Domenico Losurdo. Il faut s’engager sur les trois fronts de la lutte des classes. Je voudrais en particulier attirer l’attention sur un point souvent négligé. Non seulement l’on n’est pas socialiste, mais l’on n’est pas non plus démocrate si l’on ne mène pas une lutte pour la démocratie dans les rapports internationaux. La prétention d’un groupe de pays à se présenter comme des nations élues ayant le droit de déclencher des guerres ou de menacer de guerre sans l’autorisation du Conseil de sécurité de l’ONU est une manifestation de colonialisme ou de néocolonialisme, et doit être contestée jusqu’au bout.
En ce qui concerne la perspective stratégique, devons-nous nous représenter le communisme comme la disparition totale non seulement des antagonismes de classes, mais également de l’État et du pouvoir politique, sans parler des religions, des nations, de la division du travail, du marché, de toute source possible de conflit ?

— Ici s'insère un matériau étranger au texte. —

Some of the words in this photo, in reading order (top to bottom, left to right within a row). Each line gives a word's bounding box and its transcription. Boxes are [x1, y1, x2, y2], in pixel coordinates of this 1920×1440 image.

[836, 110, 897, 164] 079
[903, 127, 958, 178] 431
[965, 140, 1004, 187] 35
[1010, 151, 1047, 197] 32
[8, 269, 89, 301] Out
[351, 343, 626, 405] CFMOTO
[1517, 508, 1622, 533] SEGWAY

En remettant en question le mythe de l’extinction de l’État et de sa réabsorption dans la société civile, Gramsci a fait remarquer que la société civile elle-même est une forme d’État. Il a également souligné que l’internationalisme n’a rien à voir avec la méconnaissance des identités nationales, qui continuent à subsister bien après l’effondrement du capitalisme. Quant au marché, Gramsci pense qu’il vaudrait mieux parler de « marché déterminé » plutôt que de marché dans l’abstraction. Gramsci nous aide à dépasser le messianisme qui nuit gravement à la construction de la société postcapitaliste.

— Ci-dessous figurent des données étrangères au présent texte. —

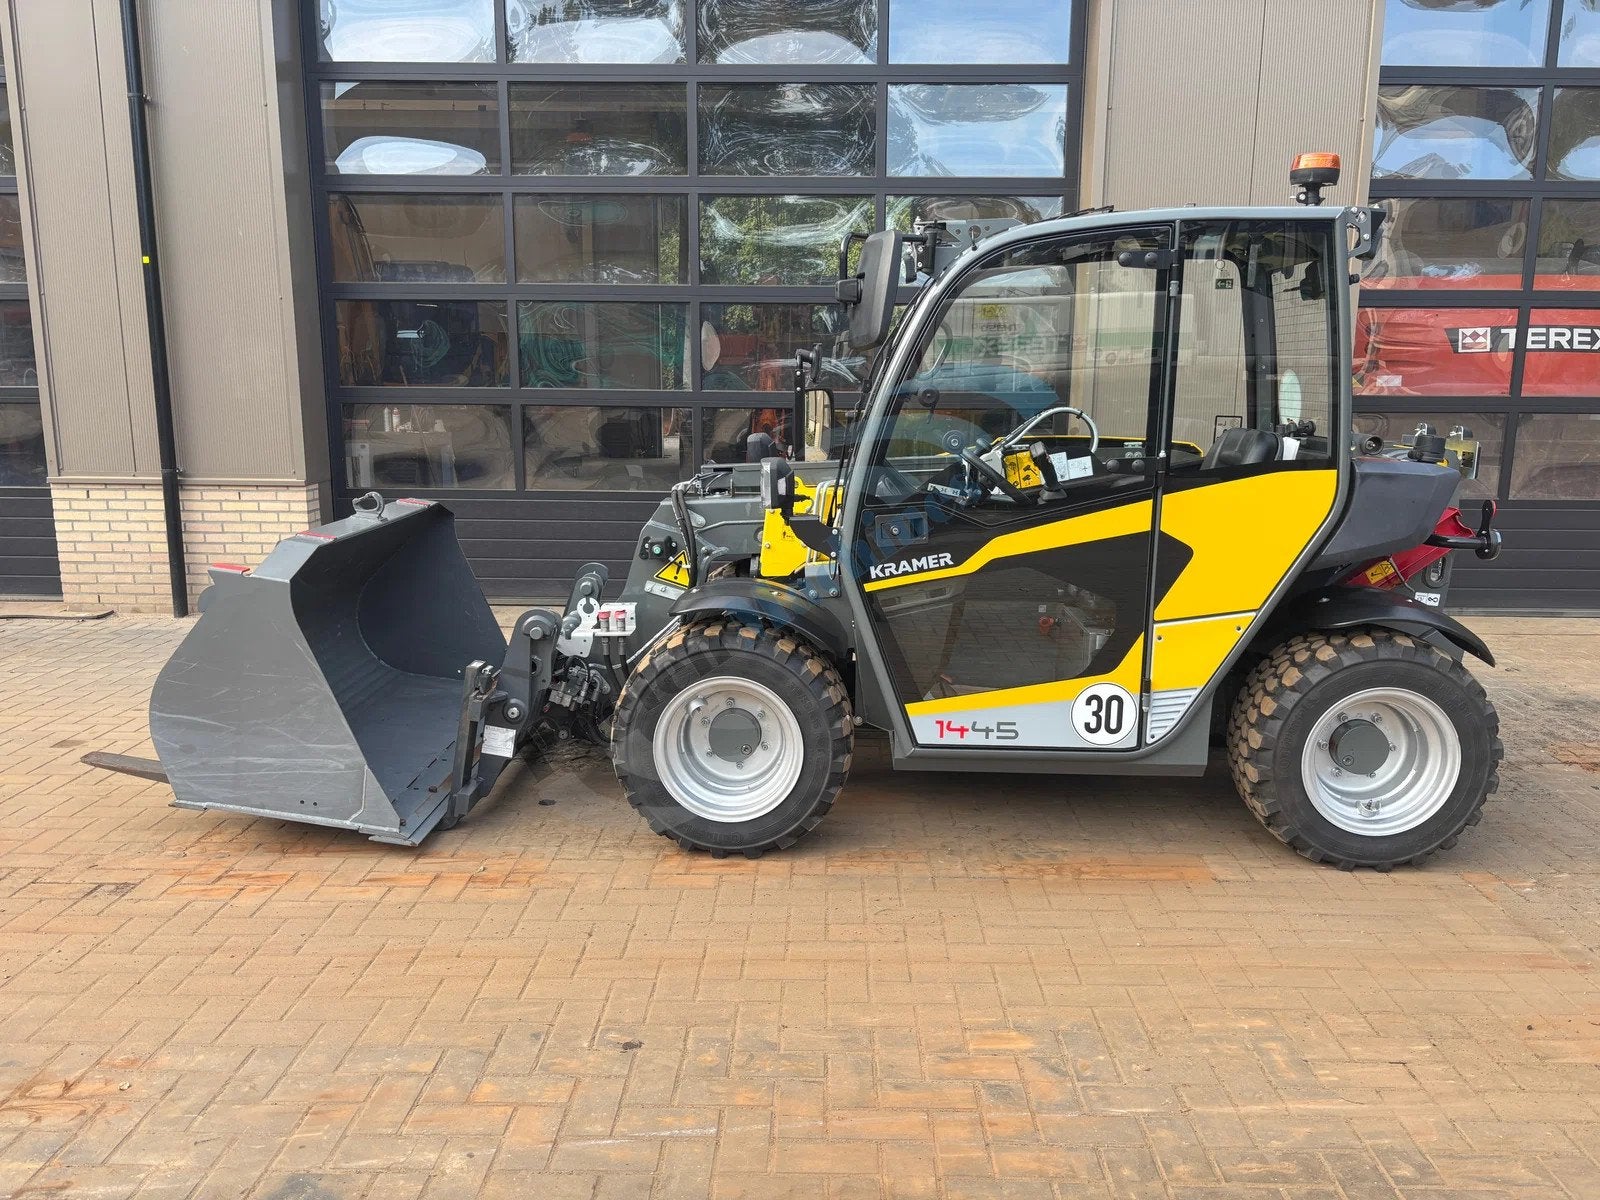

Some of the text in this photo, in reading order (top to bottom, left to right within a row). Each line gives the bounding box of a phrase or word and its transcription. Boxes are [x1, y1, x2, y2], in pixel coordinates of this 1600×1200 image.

[869, 552, 954, 579] KRAMER
[1084, 694, 1124, 735] 30
[935, 720, 1019, 740] 1445
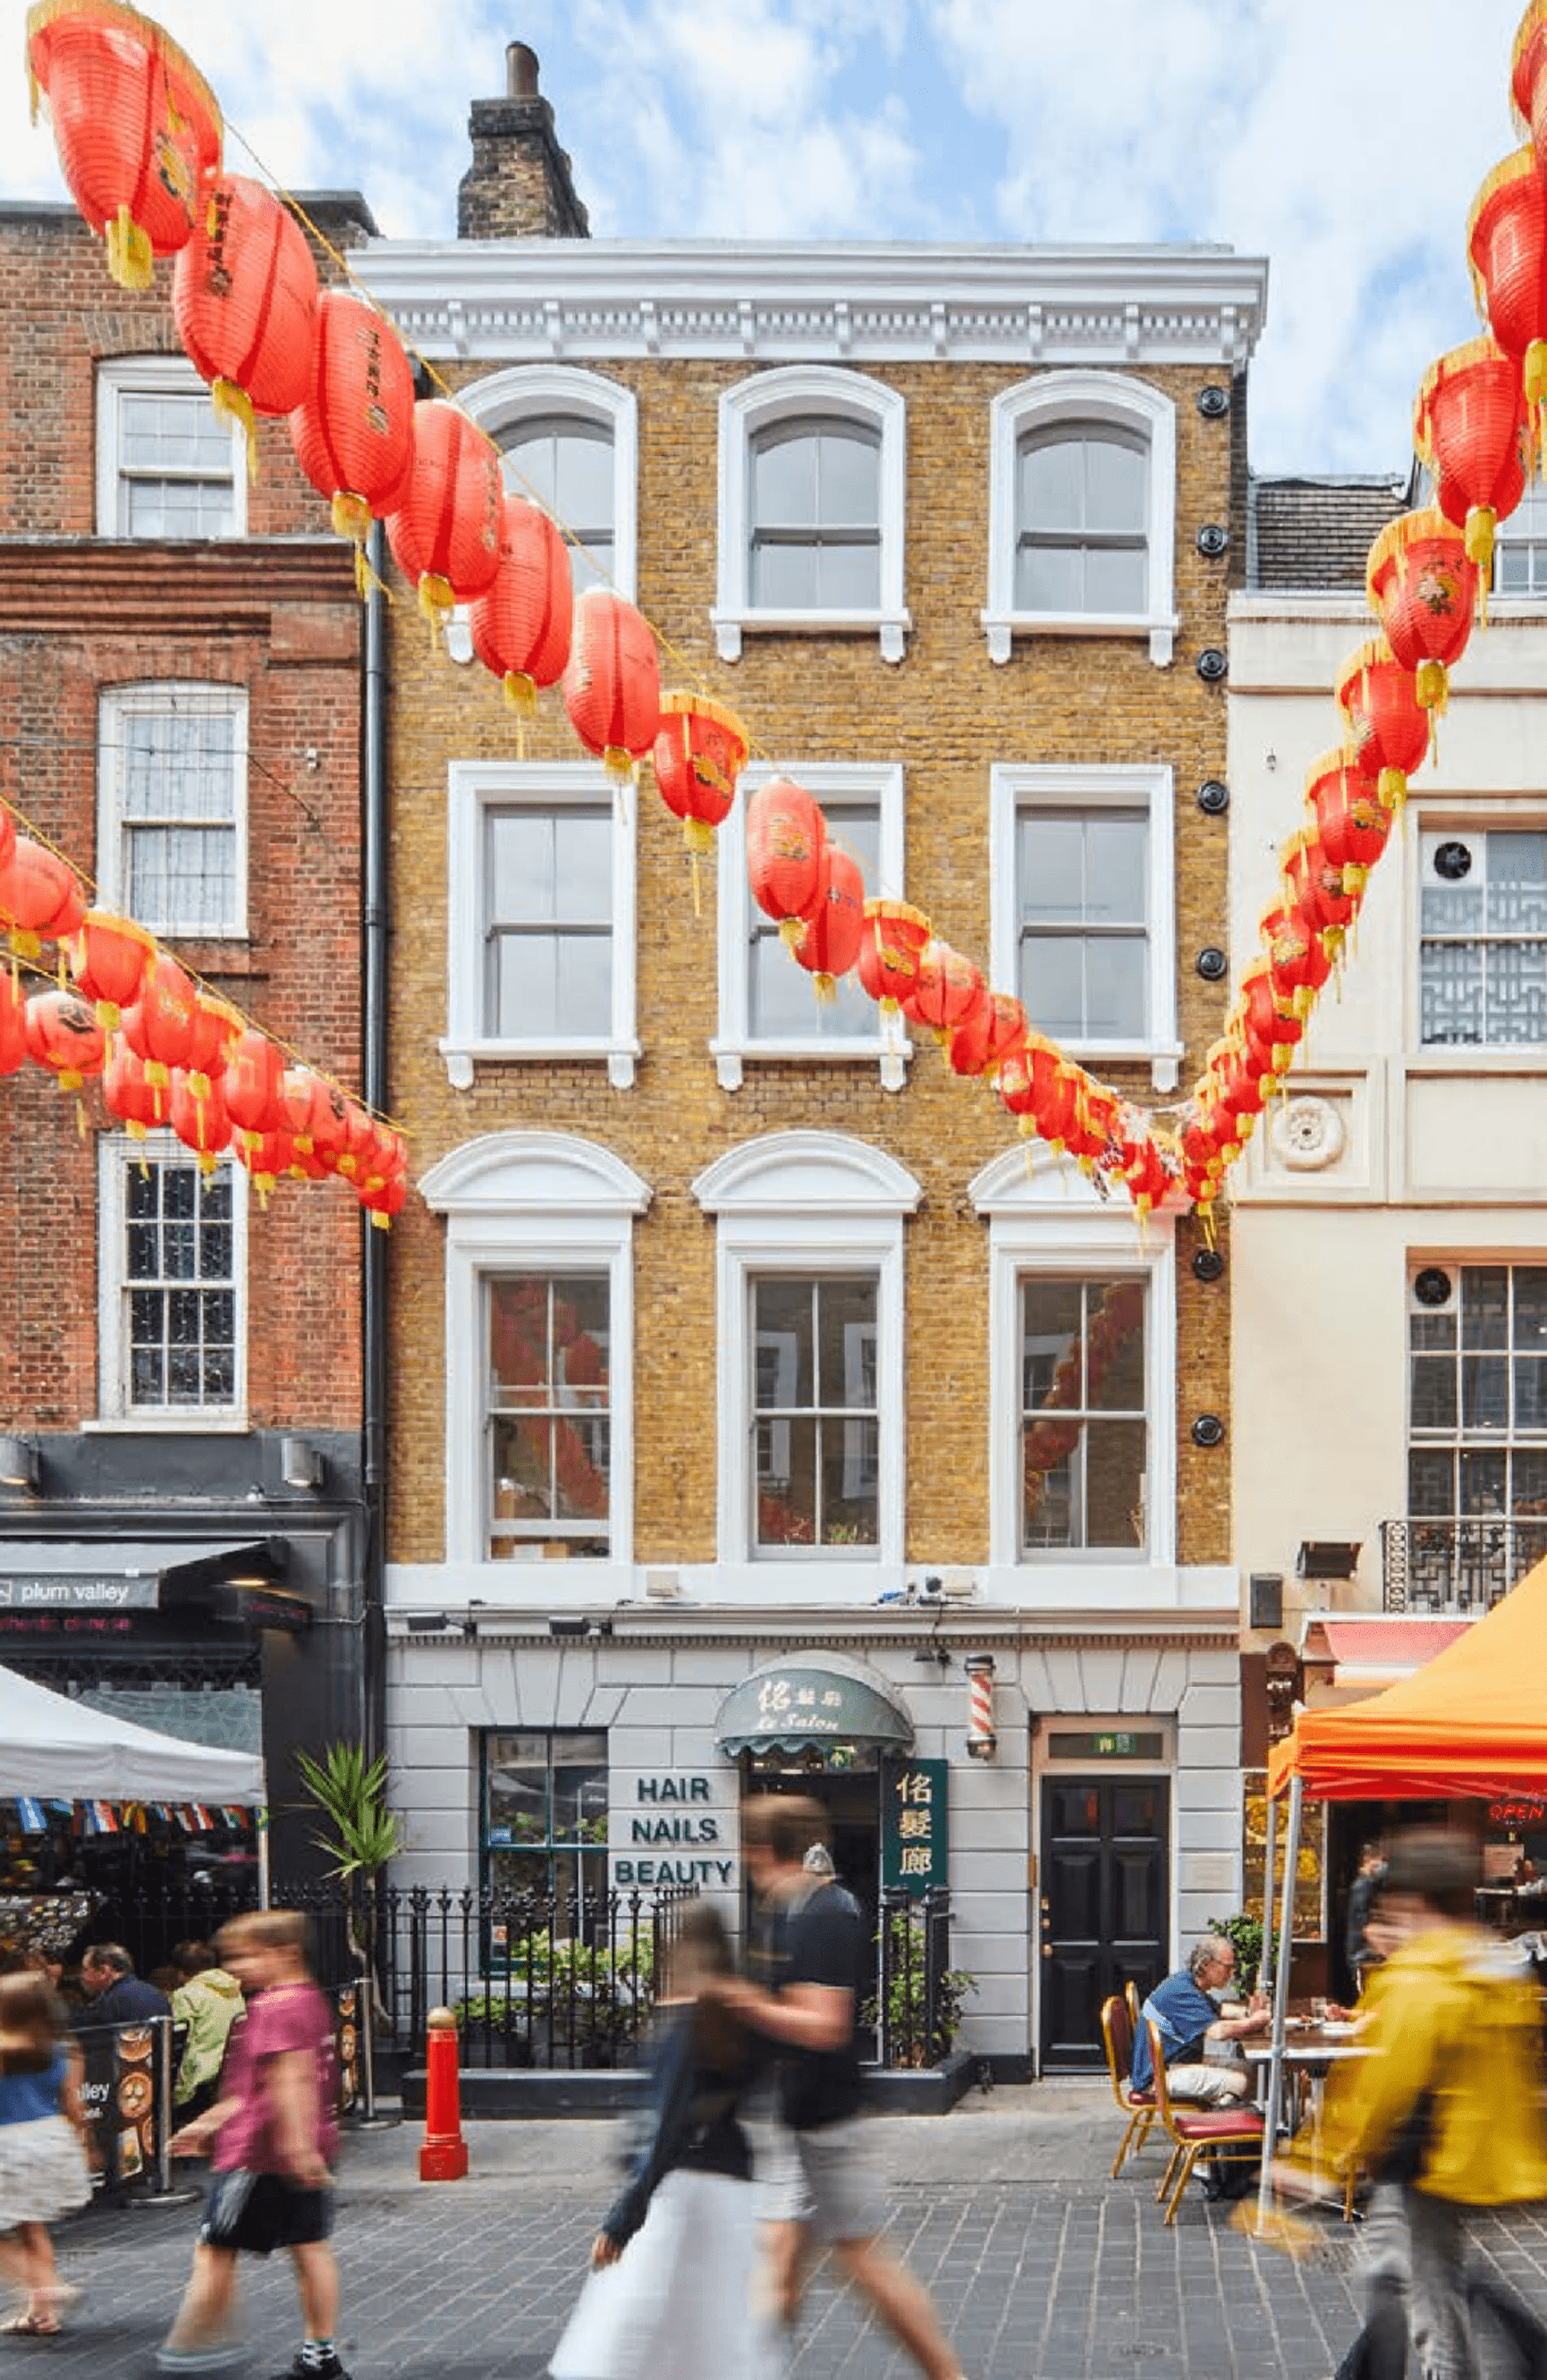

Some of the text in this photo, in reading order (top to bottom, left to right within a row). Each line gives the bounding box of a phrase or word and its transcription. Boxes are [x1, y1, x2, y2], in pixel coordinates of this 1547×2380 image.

[22, 1582, 129, 1605] plum valley
[637, 1777, 709, 1802] HAIR
[1488, 1804, 1545, 1820] OPEN
[632, 1818, 718, 1842] NAILS
[614, 1860, 732, 1884] BEAUTY

Quelle est votre analyse du modèle chinois, qui mélange l’économie de marché et la perspective socialiste ?
Domenico Losurdo. La République populaire chinoise est issue de la plus grande révolution anticoloniale de l’histoire, et une révolution anticoloniale réussit réellement si elle ajoute à la conquête de l’indépendance politique la conquête de l’indépendance économique. Sur ce plan, il y a une continuité entre Mao Tsé-toung et Deng Xiaoping.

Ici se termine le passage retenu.